### What needs to be done
The records below should be written out again, exactly.

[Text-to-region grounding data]
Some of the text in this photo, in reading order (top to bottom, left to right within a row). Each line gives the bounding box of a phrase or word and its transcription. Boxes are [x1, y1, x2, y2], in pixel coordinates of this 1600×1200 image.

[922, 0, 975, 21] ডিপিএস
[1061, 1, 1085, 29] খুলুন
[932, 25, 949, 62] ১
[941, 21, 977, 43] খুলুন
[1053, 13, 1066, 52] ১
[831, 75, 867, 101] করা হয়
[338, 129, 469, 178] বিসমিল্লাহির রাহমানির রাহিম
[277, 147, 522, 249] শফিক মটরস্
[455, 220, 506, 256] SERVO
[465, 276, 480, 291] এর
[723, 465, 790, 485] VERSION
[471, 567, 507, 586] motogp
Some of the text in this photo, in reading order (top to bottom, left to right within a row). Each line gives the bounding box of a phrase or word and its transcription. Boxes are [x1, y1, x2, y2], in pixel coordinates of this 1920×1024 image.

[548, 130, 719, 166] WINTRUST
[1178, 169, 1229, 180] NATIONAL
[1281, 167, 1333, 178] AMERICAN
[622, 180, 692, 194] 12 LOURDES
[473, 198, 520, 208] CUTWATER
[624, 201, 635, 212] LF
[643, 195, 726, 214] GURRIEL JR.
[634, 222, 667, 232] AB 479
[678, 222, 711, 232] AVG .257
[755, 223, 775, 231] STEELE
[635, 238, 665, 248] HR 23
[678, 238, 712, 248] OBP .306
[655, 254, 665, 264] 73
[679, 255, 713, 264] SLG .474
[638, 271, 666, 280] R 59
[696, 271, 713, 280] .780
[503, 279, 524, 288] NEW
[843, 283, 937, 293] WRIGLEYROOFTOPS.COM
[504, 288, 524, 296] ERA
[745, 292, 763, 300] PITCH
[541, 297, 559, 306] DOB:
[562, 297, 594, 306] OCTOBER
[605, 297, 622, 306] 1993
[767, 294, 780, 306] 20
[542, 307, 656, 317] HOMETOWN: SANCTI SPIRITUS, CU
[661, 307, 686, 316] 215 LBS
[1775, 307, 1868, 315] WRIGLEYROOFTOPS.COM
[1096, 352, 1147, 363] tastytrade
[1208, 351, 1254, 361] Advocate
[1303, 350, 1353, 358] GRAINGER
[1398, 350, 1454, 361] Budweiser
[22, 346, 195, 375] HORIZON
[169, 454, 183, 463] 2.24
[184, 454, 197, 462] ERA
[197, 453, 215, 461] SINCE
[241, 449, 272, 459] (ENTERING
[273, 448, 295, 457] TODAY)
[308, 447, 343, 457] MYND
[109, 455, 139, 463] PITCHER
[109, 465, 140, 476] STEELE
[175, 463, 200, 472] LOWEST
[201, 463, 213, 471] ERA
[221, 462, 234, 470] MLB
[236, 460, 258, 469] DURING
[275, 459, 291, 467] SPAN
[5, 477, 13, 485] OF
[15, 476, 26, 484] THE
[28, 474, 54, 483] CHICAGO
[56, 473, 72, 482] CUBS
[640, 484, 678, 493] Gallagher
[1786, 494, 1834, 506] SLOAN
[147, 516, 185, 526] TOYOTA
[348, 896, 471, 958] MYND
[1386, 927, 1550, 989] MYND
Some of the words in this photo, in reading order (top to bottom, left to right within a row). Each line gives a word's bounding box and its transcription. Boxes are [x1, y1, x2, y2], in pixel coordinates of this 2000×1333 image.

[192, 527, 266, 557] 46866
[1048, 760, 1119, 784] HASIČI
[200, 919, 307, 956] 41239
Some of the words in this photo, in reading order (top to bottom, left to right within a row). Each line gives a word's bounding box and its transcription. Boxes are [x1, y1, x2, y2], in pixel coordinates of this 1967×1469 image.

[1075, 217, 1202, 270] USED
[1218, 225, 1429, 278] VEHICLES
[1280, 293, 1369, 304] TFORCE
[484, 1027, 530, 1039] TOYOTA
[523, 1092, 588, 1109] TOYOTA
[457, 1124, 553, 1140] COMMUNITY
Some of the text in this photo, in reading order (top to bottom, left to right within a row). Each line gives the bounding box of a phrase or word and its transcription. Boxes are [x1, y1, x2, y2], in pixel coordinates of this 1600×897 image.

### Exercise output
Some of the text in this photo, in reading order (top to bottom, left to right within a row). Each line gives the bounding box of a phrase or word and its transcription. Boxes are [x1, y1, x2, y2], in pixel coordinates of this 1600×1200 image.

[922, 0, 975, 21] ডিপিএস
[1061, 1, 1085, 29] খুলুন
[932, 25, 949, 62] ১
[941, 21, 977, 43] খুলুন
[1053, 13, 1066, 52] ১
[831, 75, 867, 101] করা হয়
[338, 129, 469, 178] বিসমিল্লাহির রাহমানির রাহিম
[277, 147, 522, 249] শফিক মটরস্
[455, 220, 506, 256] SERVO
[465, 276, 480, 291] এর
[723, 465, 790, 485] VERSION
[471, 567, 507, 586] motogp
Some of the text in this photo, in reading order (top to bottom, left to right within a row). Each line gives the bounding box of a phrase or word and its transcription. Boxes are [x1, y1, x2, y2], in pixel coordinates of this 1920×1024 image.

[548, 130, 719, 166] WINTRUST
[1178, 169, 1229, 180] NATIONAL
[1281, 167, 1333, 178] AMERICAN
[622, 180, 692, 194] 12 LOURDES
[473, 198, 520, 208] CUTWATER
[624, 201, 635, 212] LF
[643, 195, 726, 214] GURRIEL JR.
[634, 222, 667, 232] AB 479
[678, 222, 711, 232] AVG .257
[755, 223, 775, 231] STEELE
[635, 238, 665, 248] HR 23
[678, 238, 712, 248] OBP .306
[655, 254, 665, 264] 73
[679, 255, 713, 264] SLG .474
[638, 271, 666, 280] R 59
[696, 271, 713, 280] .780
[503, 279, 524, 288] NEW
[843, 283, 937, 293] WRIGLEYROOFTOPS.COM
[504, 288, 524, 296] ERA
[745, 292, 763, 300] PITCH
[541, 297, 559, 306] DOB:
[562, 297, 594, 306] OCTOBER
[605, 297, 622, 306] 1993
[767, 294, 780, 306] 20
[542, 307, 656, 317] HOMETOWN: SANCTI SPIRITUS, CU
[661, 307, 686, 316] 215 LBS
[1775, 307, 1868, 315] WRIGLEYROOFTOPS.COM
[1096, 352, 1147, 363] tastytrade
[1208, 351, 1254, 361] Advocate
[1303, 350, 1353, 358] GRAINGER
[1398, 350, 1454, 361] Budweiser
[22, 346, 195, 375] HORIZON
[169, 454, 183, 463] 2.24
[184, 454, 197, 462] ERA
[197, 453, 215, 461] SINCE
[241, 449, 272, 459] (ENTERING
[273, 448, 295, 457] TODAY)
[308, 447, 343, 457] MYND
[109, 455, 139, 463] PITCHER
[109, 465, 140, 476] STEELE
[175, 463, 200, 472] LOWEST
[201, 463, 213, 471] ERA
[221, 462, 234, 470] MLB
[236, 460, 258, 469] DURING
[275, 459, 291, 467] SPAN
[5, 477, 13, 485] OF
[15, 476, 26, 484] THE
[28, 474, 54, 483] CHICAGO
[56, 473, 72, 482] CUBS
[640, 484, 678, 493] Gallagher
[1786, 494, 1834, 506] SLOAN
[147, 516, 185, 526] TOYOTA
[348, 896, 471, 958] MYND
[1386, 927, 1550, 989] MYND
Some of the words in this photo, in reading order (top to bottom, left to right within a row). Each line gives a word's bounding box and its transcription. Boxes are [x1, y1, x2, y2], in pixel coordinates of this 2000×1333 image.

[192, 527, 266, 557] 46866
[1048, 760, 1119, 784] HASIČI
[200, 919, 307, 956] 41239
Some of the words in this photo, in reading order (top to bottom, left to right within a row). Each line gives a word's bounding box and its transcription. Boxes are [x1, y1, x2, y2], in pixel coordinates of this 1967×1469 image.

[1075, 217, 1202, 270] USED
[1218, 225, 1429, 278] VEHICLES
[1280, 293, 1369, 304] TFORCE
[484, 1027, 530, 1039] TOYOTA
[523, 1092, 588, 1109] TOYOTA
[457, 1124, 553, 1140] COMMUNITY
Some of the text in this photo, in reading order (top to bottom, left to right within a row). Each line gives the bounding box of a phrase or word and its transcription. Boxes are [x1, y1, x2, y2], in pixel coordinates of this 1600×897 image.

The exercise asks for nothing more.